_WORK TASK_:
The entries that follow should be duplicated in full, without a single alteration.

***

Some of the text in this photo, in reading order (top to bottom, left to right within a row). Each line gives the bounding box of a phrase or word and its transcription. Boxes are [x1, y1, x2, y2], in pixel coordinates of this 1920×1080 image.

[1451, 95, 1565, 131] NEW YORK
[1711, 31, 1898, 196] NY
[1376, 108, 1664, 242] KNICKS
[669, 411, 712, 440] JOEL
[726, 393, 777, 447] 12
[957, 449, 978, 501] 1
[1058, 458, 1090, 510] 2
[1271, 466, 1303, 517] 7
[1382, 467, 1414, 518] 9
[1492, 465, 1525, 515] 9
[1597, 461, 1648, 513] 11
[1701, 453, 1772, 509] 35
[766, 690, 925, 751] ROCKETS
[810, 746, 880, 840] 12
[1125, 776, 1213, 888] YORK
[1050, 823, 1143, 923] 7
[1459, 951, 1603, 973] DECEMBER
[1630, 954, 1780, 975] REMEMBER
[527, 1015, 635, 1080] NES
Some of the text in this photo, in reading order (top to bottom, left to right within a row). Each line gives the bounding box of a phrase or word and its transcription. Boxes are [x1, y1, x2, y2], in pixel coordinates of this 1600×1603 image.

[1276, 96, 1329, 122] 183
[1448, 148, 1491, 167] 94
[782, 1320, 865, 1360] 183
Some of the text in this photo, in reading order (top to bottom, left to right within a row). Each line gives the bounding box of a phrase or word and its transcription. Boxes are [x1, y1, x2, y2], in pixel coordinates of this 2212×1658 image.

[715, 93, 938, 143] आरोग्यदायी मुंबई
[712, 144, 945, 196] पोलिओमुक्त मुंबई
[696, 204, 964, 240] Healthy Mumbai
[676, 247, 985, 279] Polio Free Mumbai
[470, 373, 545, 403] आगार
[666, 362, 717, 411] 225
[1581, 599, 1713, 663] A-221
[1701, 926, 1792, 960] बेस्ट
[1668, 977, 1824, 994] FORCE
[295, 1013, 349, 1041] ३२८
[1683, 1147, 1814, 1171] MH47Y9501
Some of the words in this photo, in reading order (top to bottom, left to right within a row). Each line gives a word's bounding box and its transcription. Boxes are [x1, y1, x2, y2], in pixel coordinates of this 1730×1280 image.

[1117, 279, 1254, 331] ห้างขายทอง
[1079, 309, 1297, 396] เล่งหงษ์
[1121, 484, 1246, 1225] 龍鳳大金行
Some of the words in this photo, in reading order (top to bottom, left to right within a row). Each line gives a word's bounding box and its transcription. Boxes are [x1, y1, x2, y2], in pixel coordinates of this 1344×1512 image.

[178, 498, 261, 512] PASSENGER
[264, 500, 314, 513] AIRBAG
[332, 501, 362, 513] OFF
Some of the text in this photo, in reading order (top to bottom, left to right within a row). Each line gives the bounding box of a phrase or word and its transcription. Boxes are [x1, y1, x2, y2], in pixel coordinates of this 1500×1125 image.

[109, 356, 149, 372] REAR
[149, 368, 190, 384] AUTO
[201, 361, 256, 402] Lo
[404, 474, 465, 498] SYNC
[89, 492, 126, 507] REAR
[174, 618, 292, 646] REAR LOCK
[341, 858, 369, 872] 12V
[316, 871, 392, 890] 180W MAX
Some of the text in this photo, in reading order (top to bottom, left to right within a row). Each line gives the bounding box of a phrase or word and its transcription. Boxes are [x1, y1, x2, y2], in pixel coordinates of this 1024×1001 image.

***

_SOLUTION_:
Some of the text in this photo, in reading order (top to bottom, left to right within a row). Each line gives the bounding box of a phrase or word and its transcription. Boxes are [x1, y1, x2, y2], in pixel coordinates of this 1920×1080 image.

[1451, 95, 1565, 131] NEW YORK
[1711, 31, 1898, 196] NY
[1376, 108, 1664, 242] KNICKS
[669, 411, 712, 440] JOEL
[726, 393, 777, 447] 12
[957, 449, 978, 501] 1
[1058, 458, 1090, 510] 2
[1271, 466, 1303, 517] 7
[1382, 467, 1414, 518] 9
[1492, 465, 1525, 515] 9
[1597, 461, 1648, 513] 11
[1701, 453, 1772, 509] 35
[766, 690, 925, 751] ROCKETS
[810, 746, 880, 840] 12
[1125, 776, 1213, 888] YORK
[1050, 823, 1143, 923] 7
[1459, 951, 1603, 973] DECEMBER
[1630, 954, 1780, 975] REMEMBER
[527, 1015, 635, 1080] NES
Some of the text in this photo, in reading order (top to bottom, left to right within a row). Each line gives the bounding box of a phrase or word and its transcription. Boxes are [x1, y1, x2, y2], in pixel coordinates of this 1600×1603 image.

[1276, 96, 1329, 122] 183
[1448, 148, 1491, 167] 94
[782, 1320, 865, 1360] 183
Some of the text in this photo, in reading order (top to bottom, left to right within a row). Each line gives the bounding box of a phrase or word and its transcription. Boxes are [x1, y1, x2, y2], in pixel coordinates of this 2212×1658 image.

[715, 93, 938, 143] आरोग्यदायी मुंबई
[712, 144, 945, 196] पोलिओमुक्त मुंबई
[696, 204, 964, 240] Healthy Mumbai
[676, 247, 985, 279] Polio Free Mumbai
[470, 373, 545, 403] आगार
[666, 362, 717, 411] 225
[1581, 599, 1713, 663] A-221
[1701, 926, 1792, 960] बेस्ट
[1668, 977, 1824, 994] FORCE
[295, 1013, 349, 1041] ३२८
[1683, 1147, 1814, 1171] MH47Y9501
Some of the words in this photo, in reading order (top to bottom, left to right within a row). Each line gives a word's bounding box and its transcription. Boxes are [x1, y1, x2, y2], in pixel coordinates of this 1730×1280 image.

[1117, 279, 1254, 331] ห้างขายทอง
[1079, 309, 1297, 396] เล่งหงษ์
[1121, 484, 1246, 1225] 龍鳳大金行
Some of the words in this photo, in reading order (top to bottom, left to right within a row). Each line gives a word's bounding box and its transcription. Boxes are [x1, y1, x2, y2], in pixel coordinates of this 1344×1512 image.

[178, 498, 261, 512] PASSENGER
[264, 500, 314, 513] AIRBAG
[332, 501, 362, 513] OFF
Some of the text in this photo, in reading order (top to bottom, left to right within a row). Each line gives the bounding box of a phrase or word and its transcription. Boxes are [x1, y1, x2, y2], in pixel coordinates of this 1500×1125 image.

[109, 356, 149, 372] REAR
[149, 368, 190, 384] AUTO
[201, 361, 256, 402] Lo
[404, 474, 465, 498] SYNC
[89, 492, 126, 507] REAR
[174, 618, 292, 646] REAR LOCK
[341, 858, 369, 872] 12V
[316, 871, 392, 890] 180W MAX
Some of the text in this photo, in reading order (top to bottom, left to right within a row). Each line gives the bounding box of a phrase or word and its transcription. Boxes are [x1, y1, x2, y2], in pixel coordinates of this 1024×1001 image.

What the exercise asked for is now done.